Work order:
Leave the pictures out while you restate every entry below word for word.

---------------

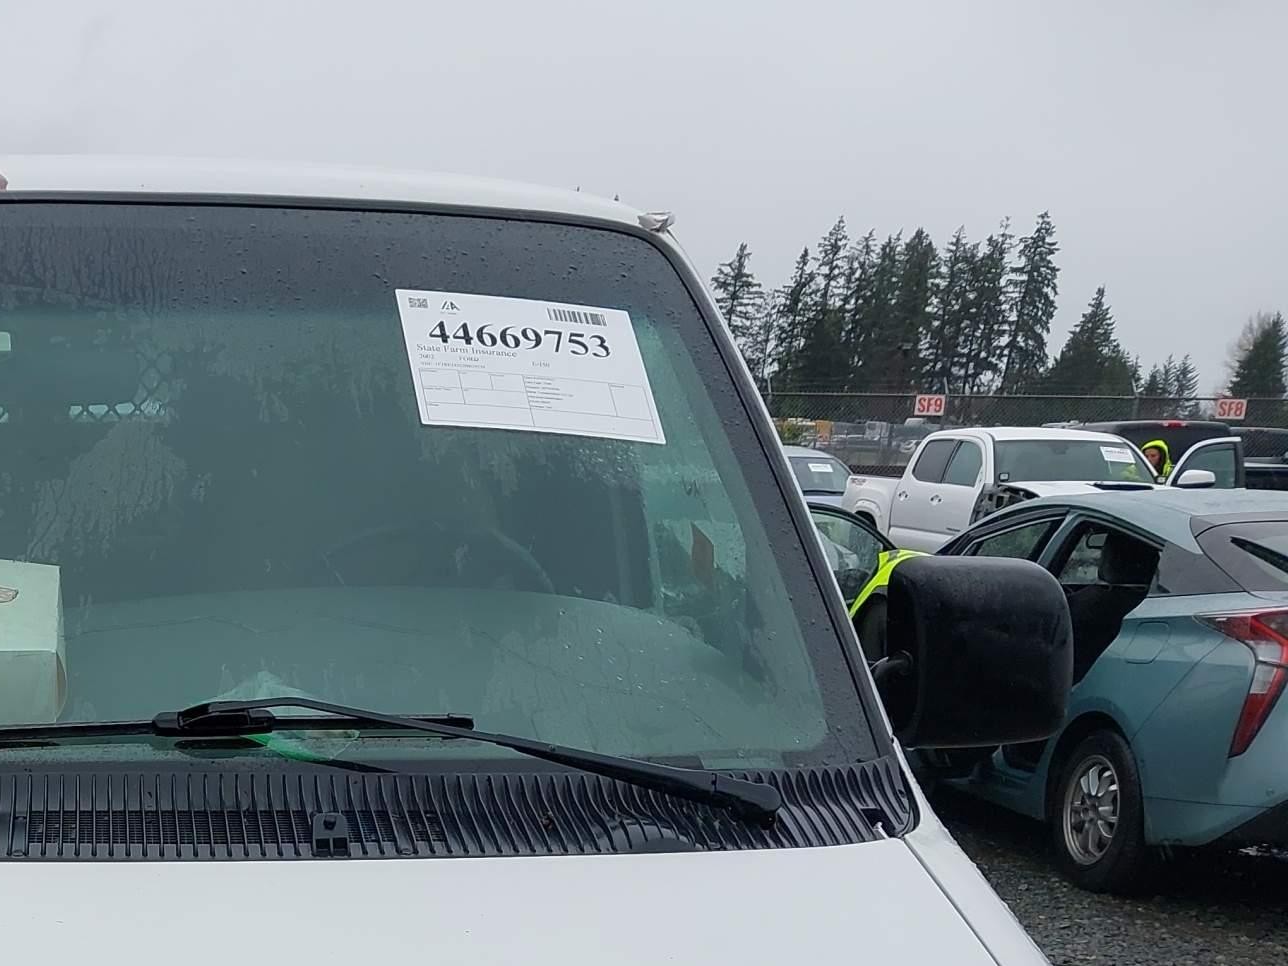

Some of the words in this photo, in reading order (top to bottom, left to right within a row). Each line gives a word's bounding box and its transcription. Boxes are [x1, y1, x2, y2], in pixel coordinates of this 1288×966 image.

[429, 320, 611, 359] 44669753
[416, 344, 440, 353] State
[443, 346, 469, 354] Farm
[471, 347, 517, 358] Insurance
[917, 396, 943, 414] SF9
[1218, 401, 1244, 418] SF8

---------------

Solution to this task:
Some of the words in this photo, in reading order (top to bottom, left to right within a row). Each line gives a word's bounding box and its transcription. Boxes are [x1, y1, x2, y2], in pixel coordinates of this 1288×966 image.

[429, 320, 611, 359] 44669753
[416, 344, 440, 353] State
[443, 346, 469, 354] Farm
[471, 347, 517, 358] Insurance
[917, 396, 943, 414] SF9
[1218, 401, 1244, 418] SF8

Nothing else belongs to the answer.